W&G Investments denied a BBC report it had lost out in the three-way battle for the small business-focused lender being sold by RBS and said it was still in the running to buy the operation, according to the Daily Telegraph.

“We remain in constructive discussions with RBS,” said a spokesman for W&G Investments, which is offering £1.1bn for the Rainbow business.

However, two banking industry sources said W&G’s offer had been rejected by RBS and that it was now weighing up the two remaining bids for the business.

A spokesman for RBS declined to comment to the Telegraph.

Andy Higginson, the former finance director of Tesco, is heading W&G’s bid whose backers include some of the UK’s largest fund managers, such as Schroders, Threadneedle and Jupiter.

Two private equity consortiums have made rival offers for the branches.

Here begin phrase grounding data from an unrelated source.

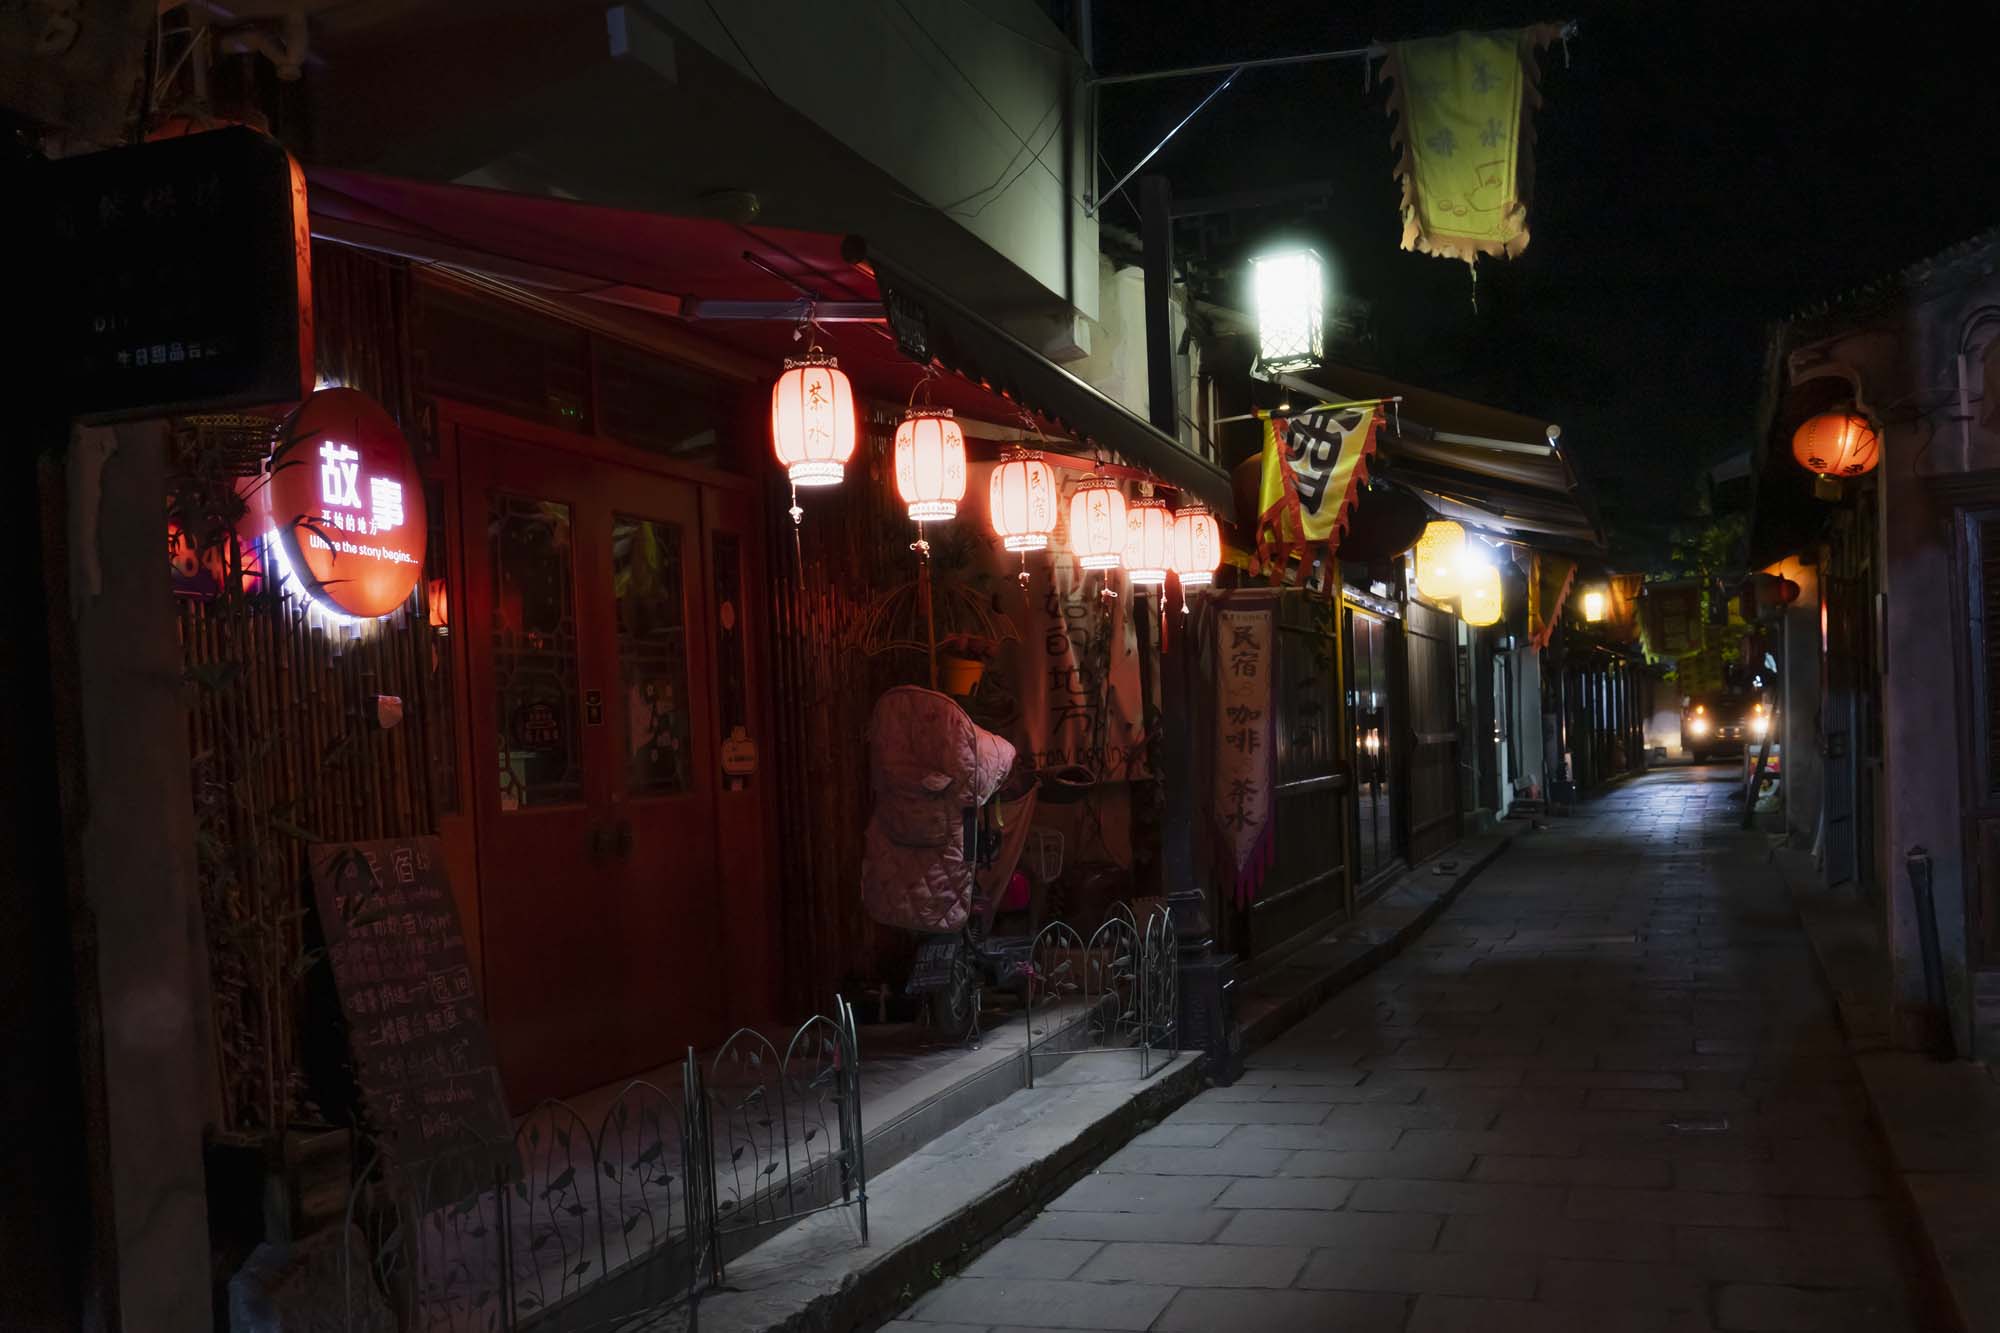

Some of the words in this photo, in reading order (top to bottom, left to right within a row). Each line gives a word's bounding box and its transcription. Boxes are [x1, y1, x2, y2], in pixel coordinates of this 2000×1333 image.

[807, 380, 830, 446] 茶水
[319, 440, 404, 531] 故事
[321, 509, 380, 537] 开始的地方
[342, 540, 358, 554] the
[359, 545, 382, 561] story
[382, 546, 419, 565] begins...
[1229, 625, 1260, 678] 民宿
[1225, 704, 1262, 755] 咖啡
[1225, 777, 1260, 833] 茶水
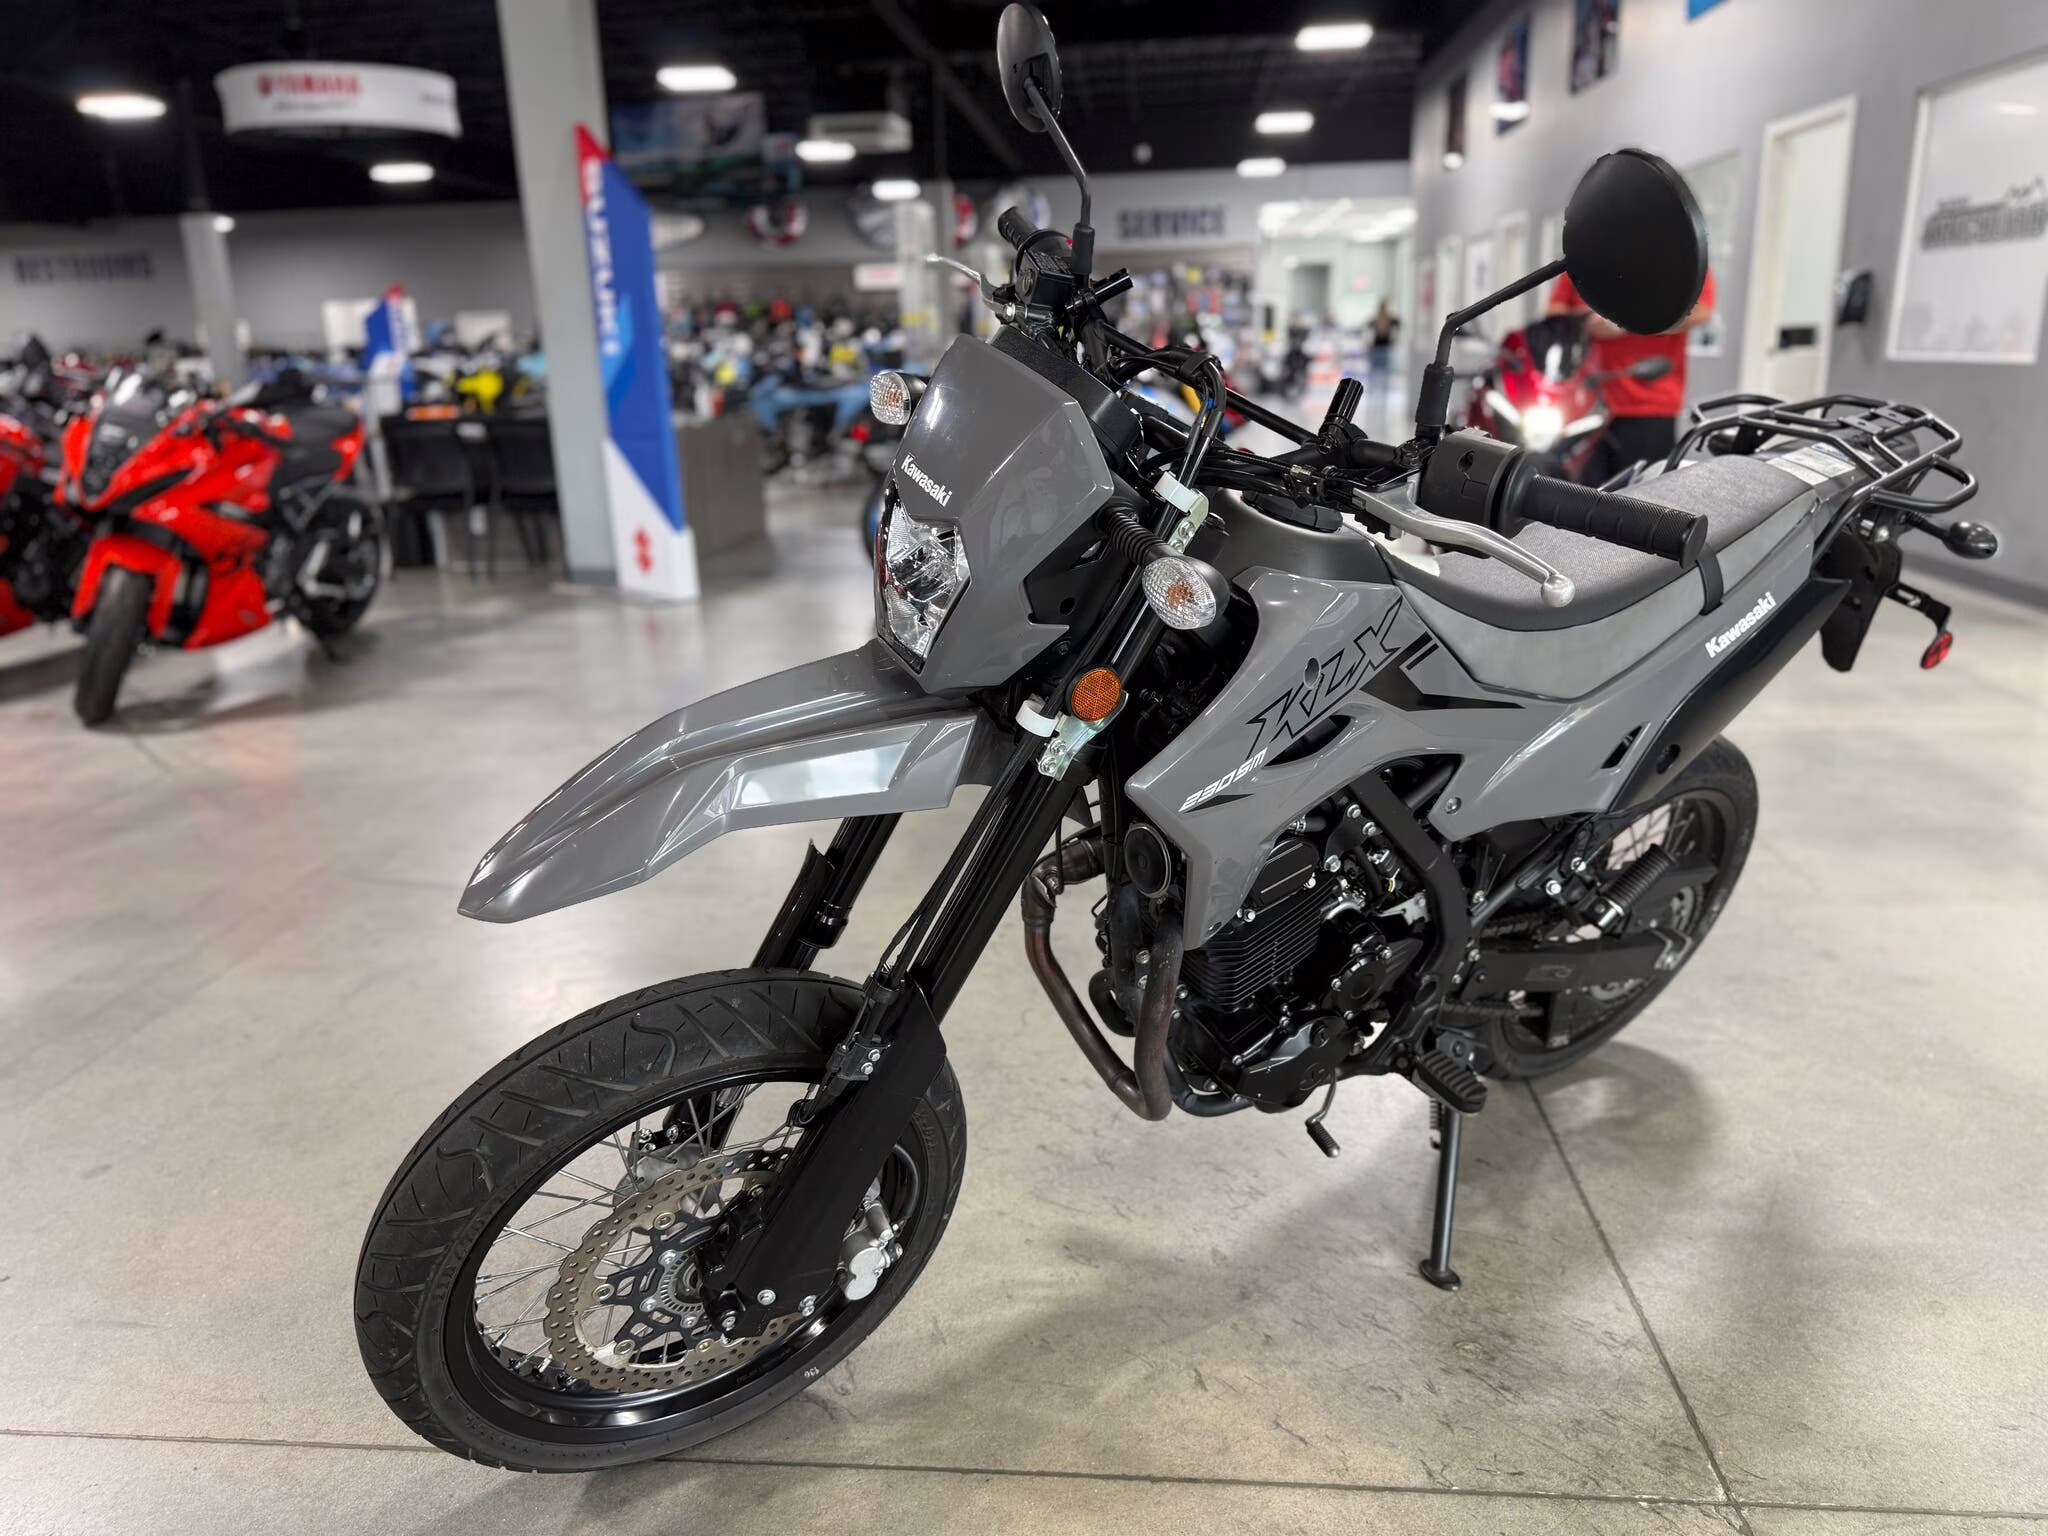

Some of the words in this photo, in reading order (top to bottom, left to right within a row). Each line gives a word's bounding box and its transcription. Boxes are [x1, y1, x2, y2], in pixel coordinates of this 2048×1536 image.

Unlike W&G’s bid to buy the business outright, the private equity firms have come up with broadly similar offer structures that will allow RBS to retain a substantial stake in the unit.

US buyout firms Corsair Capital and Centerbridge and rival private equity firms AnaCap and Blackstone have submitted plans that will see RBS retain as much as a 49% stake in Rainbow giving it the benefit of any upside should the business be listed on the stock market.

W&G had countered that its offer was the only one to offer RBS an outright sale of the business, as well as all the proceeds upfront.

RBS itself could opt to reject all the bids and go ahead with its own initial public offering of the branches if it decides this is most likely to maximise the value to its shareholders, including the state which owns 81pc of the lender.

The sale has been forced on the bank by the European Commission as a condition of its October 2008 taxpayer bailout that eventually cost the state £45.5bn.

Under the terms of a state-aid agreement with Brussels, RBS must sell the branches by the end of the year. Treasury officials are negotiating on behalf of RBS for an extension to allow it more time to sell the business.